Таскув замерла, приложив ладонь к бугристой коре лиственницы, будто только что её озарило лучом солнца из-за туч. Она даже взглянула в небо, чтобы убедиться, что ей показалось. И верно, там всё было по-прежнему. Солнце не могло пробиться ни в единый просвет.
Подхватив полы шубы и жалея, что не надела парку, она поспешила в паул. Не придётся чужеземцам дожидаться вечера. Решение нашлось на удивление скоро.
На счастье, родительский дом оказался к ней ближе всего. Таскув едва оббила у порога грязь с сапог и вошла внутрь. Как бы редко она ни появлялась теперь дома, а ничего там не менялось, и возвращаться сюда было чем-то вроде отдохновения. Будто после неудобной одежды надеваешь старую, давно разношенную и мягкую.

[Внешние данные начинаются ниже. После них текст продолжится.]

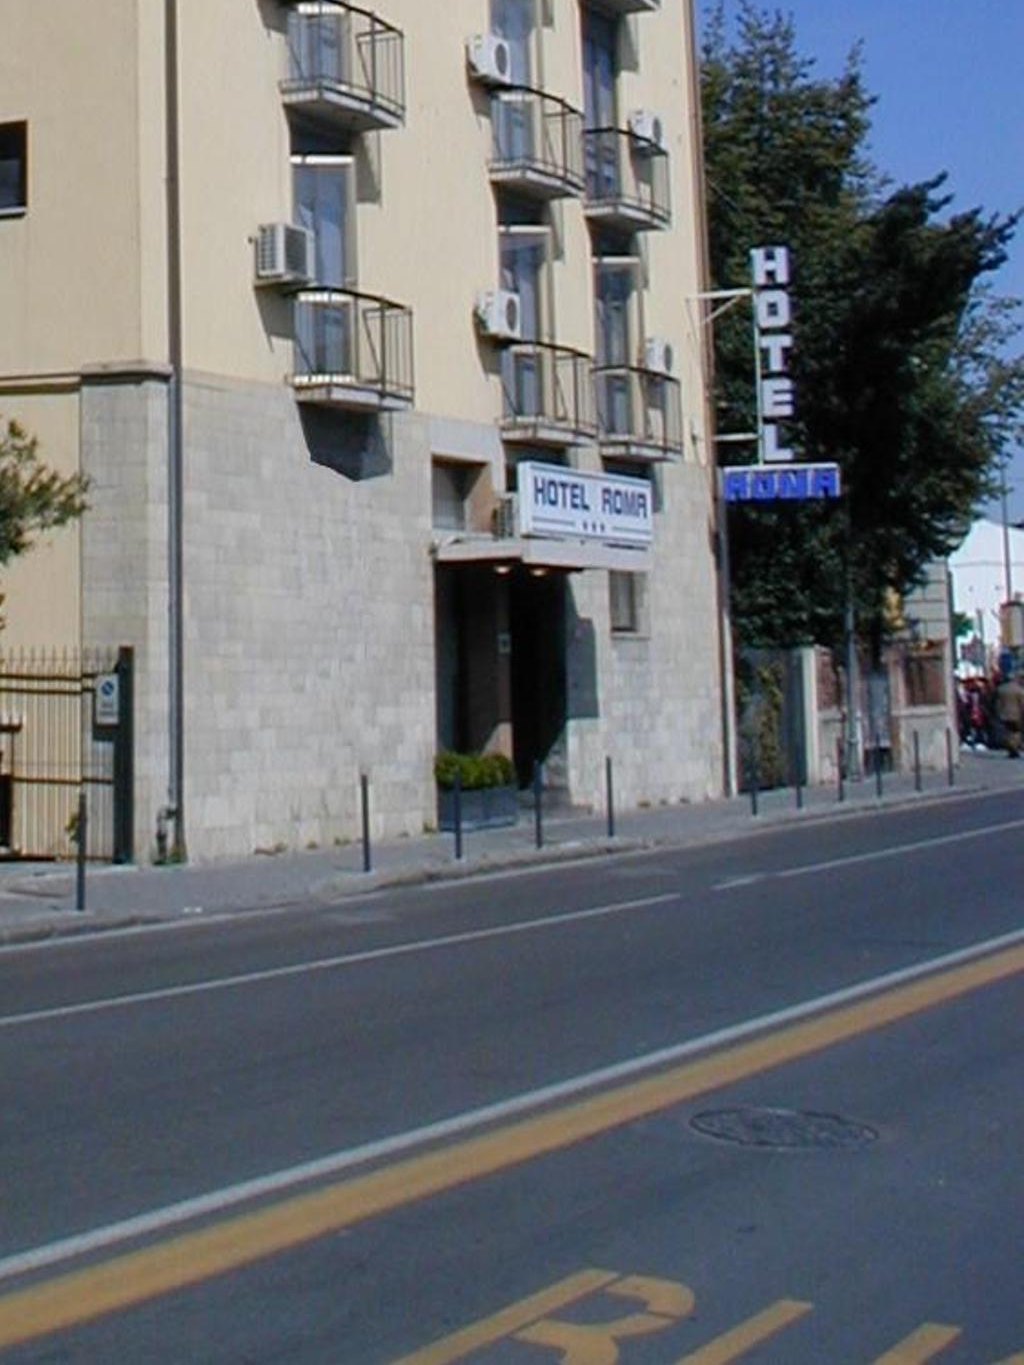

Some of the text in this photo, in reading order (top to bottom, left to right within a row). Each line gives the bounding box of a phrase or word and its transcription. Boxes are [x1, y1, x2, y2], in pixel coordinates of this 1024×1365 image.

[750, 246, 794, 461] HOTEL
[533, 476, 648, 519] HOTEL ROMA

Никого не оказалось внутри, и Таскув вновь вышла наружу: верно, мать кормила собак во дворе с другой стороны избы. Почти обойдя её, она услышала голос отца, а гнев в нём заставил остановиться и спрятаться за углом дома. Она лишь выглянула осторожно: Ойко сидел на чурбаке и чинил сеть. Нужно готовиться к лету, когда будут надолго мужчины уходить на рыбалку и охоту. Матушка и правда кормила собак, которые, нетерпеливо поскуливая, крутились у её ног.
– Нельзя её отпускать, я тебе говорю! – грянул отец. – Видел я сегодня у неё Унху. Рожа хитрая. Удумали они что-то.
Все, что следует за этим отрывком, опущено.